-- WHAT TO DO --
Your answer should repeat the entries in full, exactly as given, with no pictures.
***** GIVEN DATA
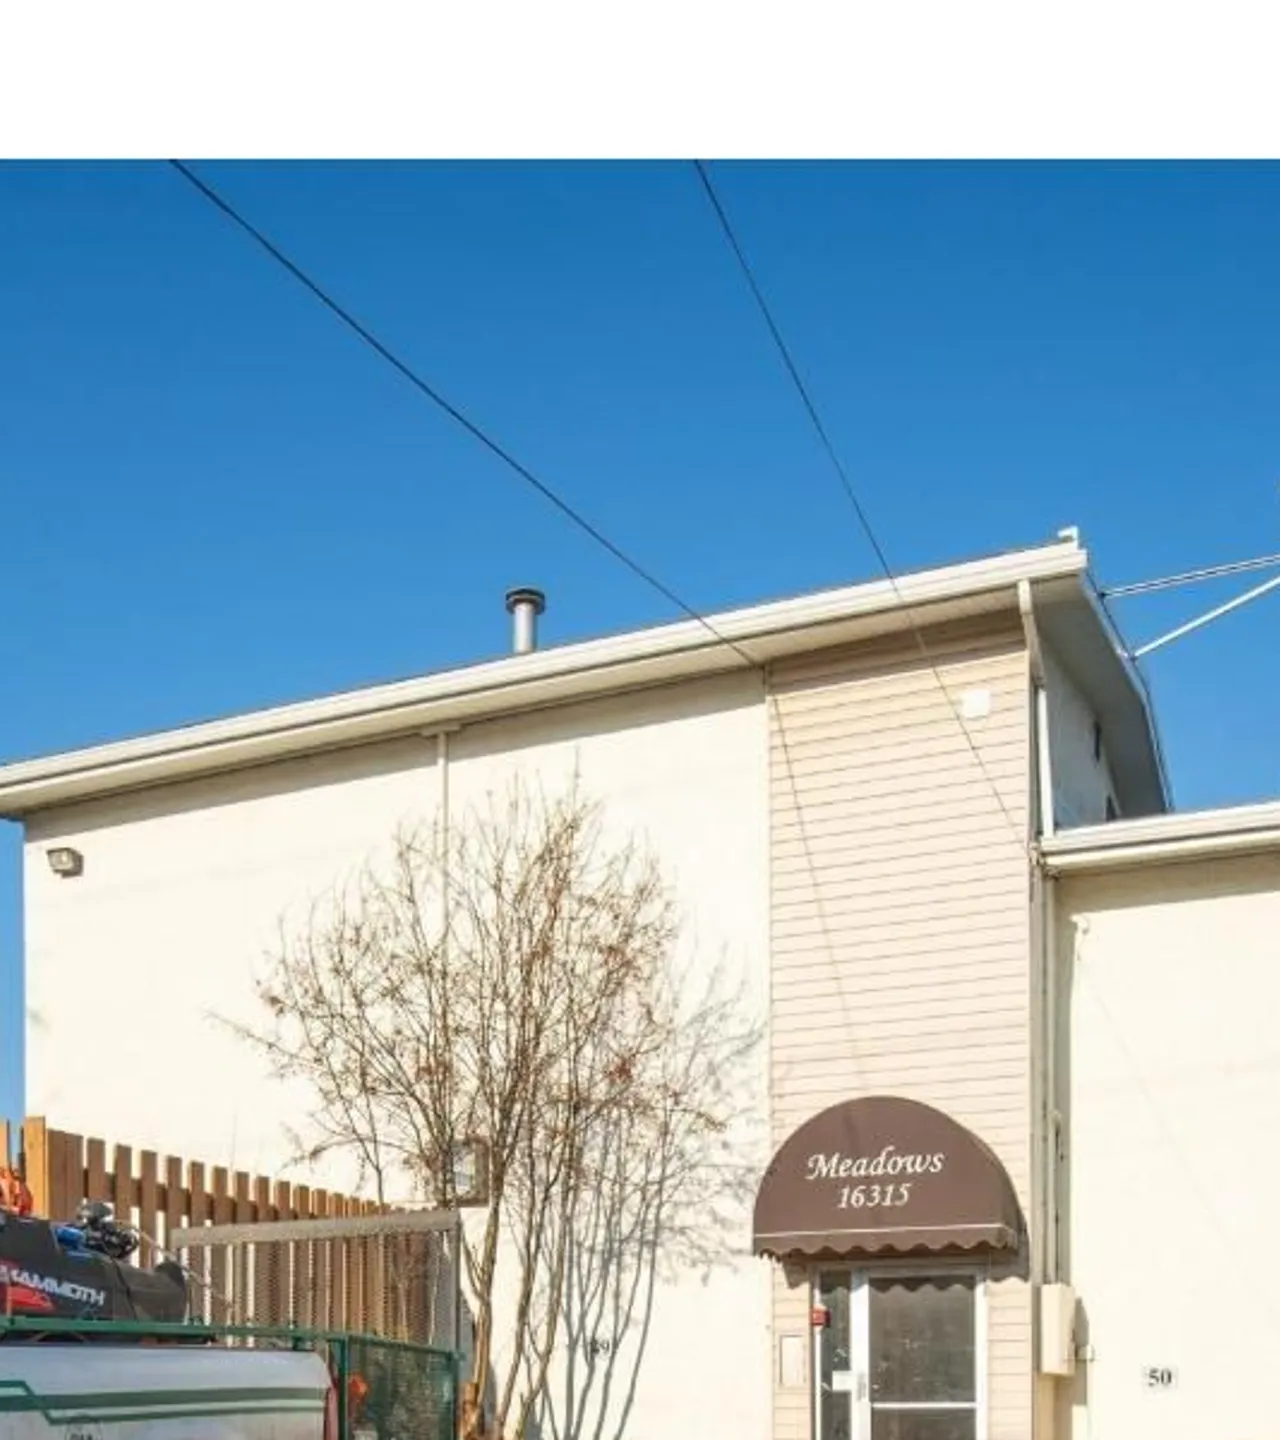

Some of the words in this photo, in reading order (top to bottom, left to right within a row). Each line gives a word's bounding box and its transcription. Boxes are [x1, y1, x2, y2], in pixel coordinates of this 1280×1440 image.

[805, 1146, 946, 1180] Meadows
[837, 1182, 912, 1209] 16315
[1148, 1367, 1172, 1387] 50
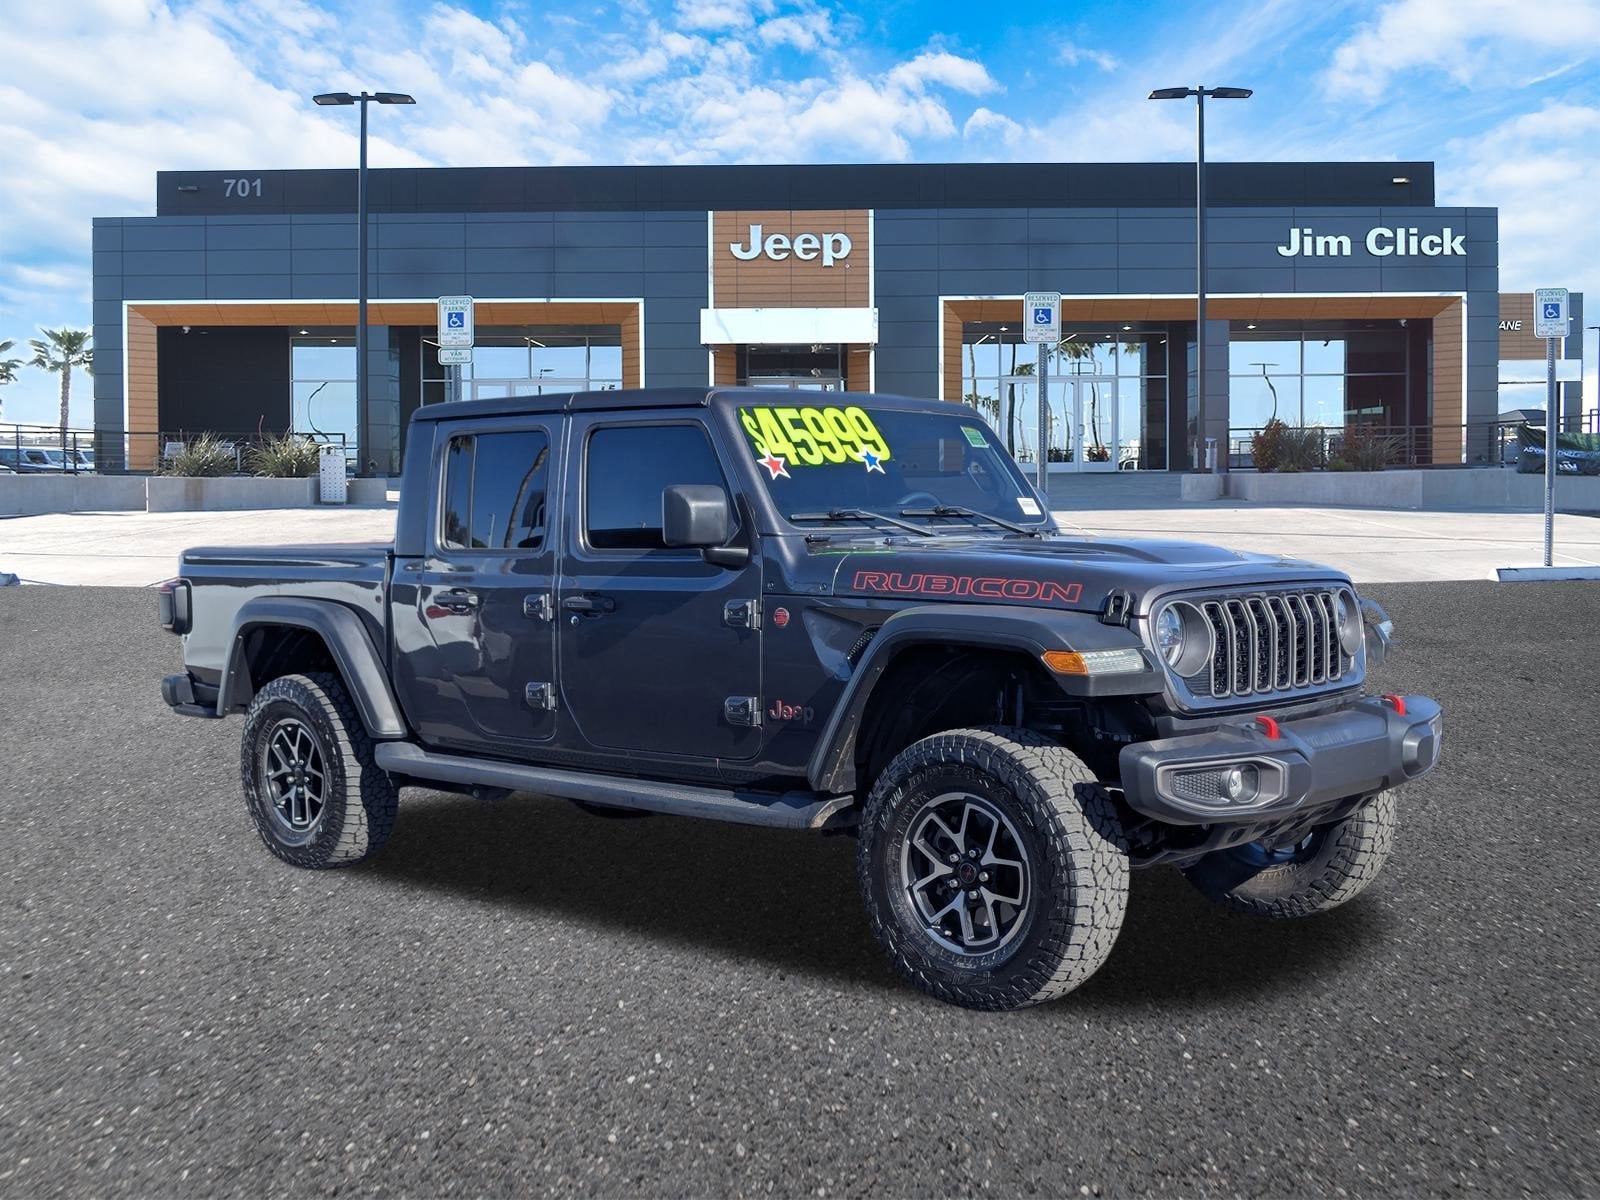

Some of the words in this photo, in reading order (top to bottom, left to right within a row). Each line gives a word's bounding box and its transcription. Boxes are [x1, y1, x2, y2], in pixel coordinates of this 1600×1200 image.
**********
-- YOUR SOLUTION --
Some of the words in this photo, in reading order (top to bottom, left to right within a row). Each line gives a word's bounding box and its transcription. Boxes are [x1, y1, x2, y2], in pixel coordinates of this 1280×1440 image.

[805, 1146, 946, 1180] Meadows
[837, 1182, 912, 1209] 16315
[1148, 1367, 1172, 1387] 50

Some of the words in this photo, in reading order (top to bottom, left to right within a row). Each line gives a word's bounding box and its transcription. Boxes are [x1, y1, x2, y2], in pixel coordinates of this 1600×1200 image.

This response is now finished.